Study Objectives: Sleep and sleep disordered breathing (obstructive sleep apnea [OSA]) are known to affect the growth hormone/insulin-like growth factor (GH/IGF) axis. There are few relevant population studies in this area, particularly in the elderly. We conducted this study to investigate the relationship between sleep (architecture and OSA) and circulating IGF-I (insulin-like growth factor-1), IGFBP-1 (insulin-like growth factor binding protein-1), and IGFBP-3 (insulin-like growth factor binding protein-3) levels in an elderly population. Design Setting: Cross-sectional analysis of participants from the year 9 visit of the Cardiovascular Health Study (CHS) who were enrolled in the Sleep Heart Health Study (SHHS). Patients or Participants: 1,233 elderly participants from the CHS and SHHS. Measurements and Results: The mean age of males (n = 526) and females (n = 697) was 77 years. The mean value of IGF-I (ng/mL) in males was 112.4 vs. 97.1 in females (p < 0.01). Mean IGFBP-1 and IGFBP-3 levels were higher in females than males (p < 0.01). As expected, slow wave sleep was better preserved in females compared to males (22% total sleep time vs. 9% total sleep time, p < 0.01). Furthermore, as expected, OSA (apnea-hypopnea index [AHI] ≥ 5/h) was more prevalent in males compared to females (60% vs. 46%, p < 0.01). Multivariable linear regression was used to determine the relationship between objective sleep parameters and circulating IGF-I, IGFBP-1, and IGFBP-3 levels, with adjustment for age, sex, race, BMI, diabetes, estrogen use, progestin use, and physical activity. We did not detect a significant association between slow wave sleep (SWS) (per 5 min) and IGF-I, IGFBP-1, and IGFBP-3 levels (ng/mL). We found no significant linear association between OSA (AHI ≥ 5/h) and IGF-I, IGFBP-1, and IGFBP-3 levels. Gender-stratification of the entire cohort did not alter these findings. Sensitivity analyses excluding diabetics revealed that moderate OSA (AHI ≥ 5 and < 15) is inversely associated with IGFBP-3 levels in women. Conclusions: The relationship between SWS and GH/IGF system is not significant in the elderly. Furthermore, OSA does not appear to adversely influence the GH/IGF axis, as reported in younger individuals. Whether our study findings are due to diminished GH/IGF-I axis activity in elderly needs further investigation by replication in other large population based elderly cohorts.

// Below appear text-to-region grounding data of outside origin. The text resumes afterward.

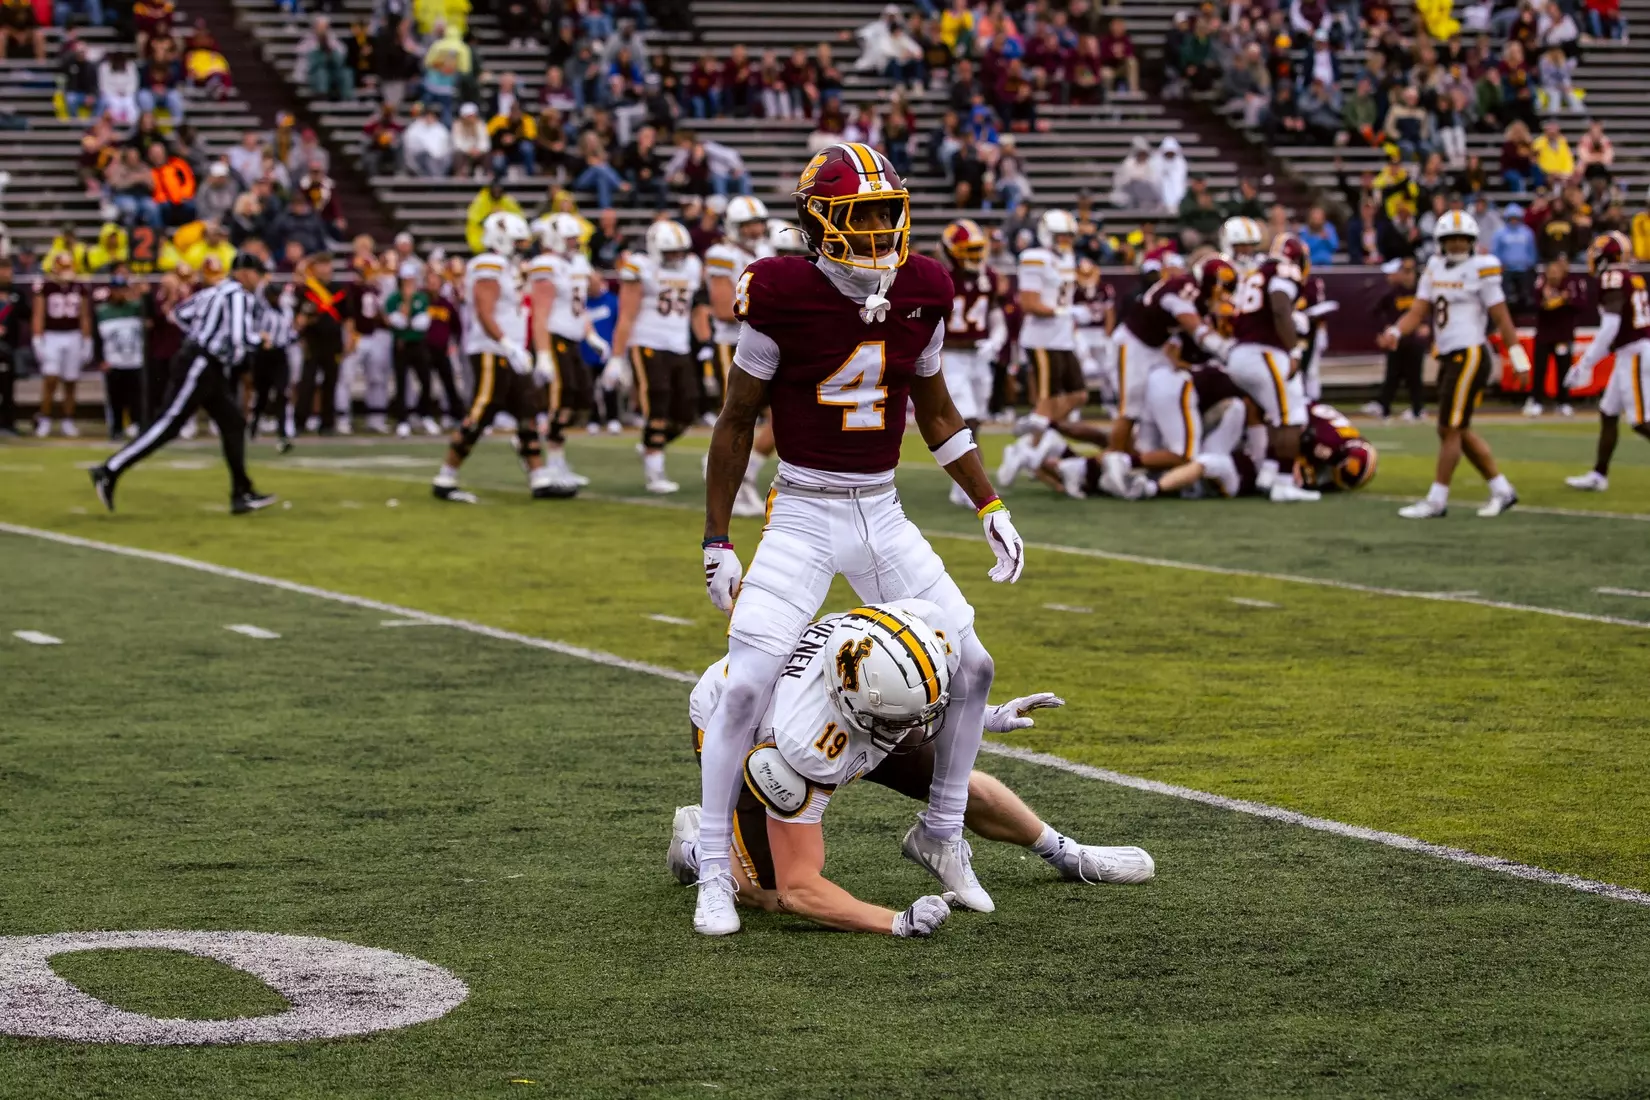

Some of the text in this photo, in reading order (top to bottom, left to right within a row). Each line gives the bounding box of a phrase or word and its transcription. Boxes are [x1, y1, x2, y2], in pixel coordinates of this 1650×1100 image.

[134, 227, 154, 259] 2
[948, 294, 989, 332] 14
[816, 340, 888, 431] 4
[780, 617, 842, 679] UENEN
[814, 721, 849, 761] 19

Original languageEnglish (US)
Pages (from-to)1245-1251
Number of pages7
JournalJournal of Clinical Sleep Medicine
Volume9
Issue number12
DOIs
StatePublished - 2013

Fingerprint

Somatomedins
Sleep
Insulin-Like Growth Factor Binding Protein 3
Insulin-Like Growth Factor Binding Protein 1
Obstructive Sleep Apnea
Insulin-Like Growth Factor I
Health
Growth Hormone
Apnea
Population
Sleep Apnea Syndromes
Progestins
Linear Models
Estrogens
Cross-Sectional Studies
Exercise

Keywords

  • Elderly
  • GH/IGF axis
  • IGF
  • IGFBP-3
  • Insulin-like growth factors
  • Sleep
  • Sleep apnea
  • Slow wave sleep

ASJC Scopus subject areas

  • Clinical Neurology
  • Pulmonary and Respiratory Medicine
  • Neurology

Cite this

Sleep and insulin-like growth factors in the cardiovascular health study. / Shah, Neomi; Rice, Tom; Tracy, Daniel; Rohan, Thomas E.; Bůžková, Petra; Newman, Anne; Kaplan, Robert C.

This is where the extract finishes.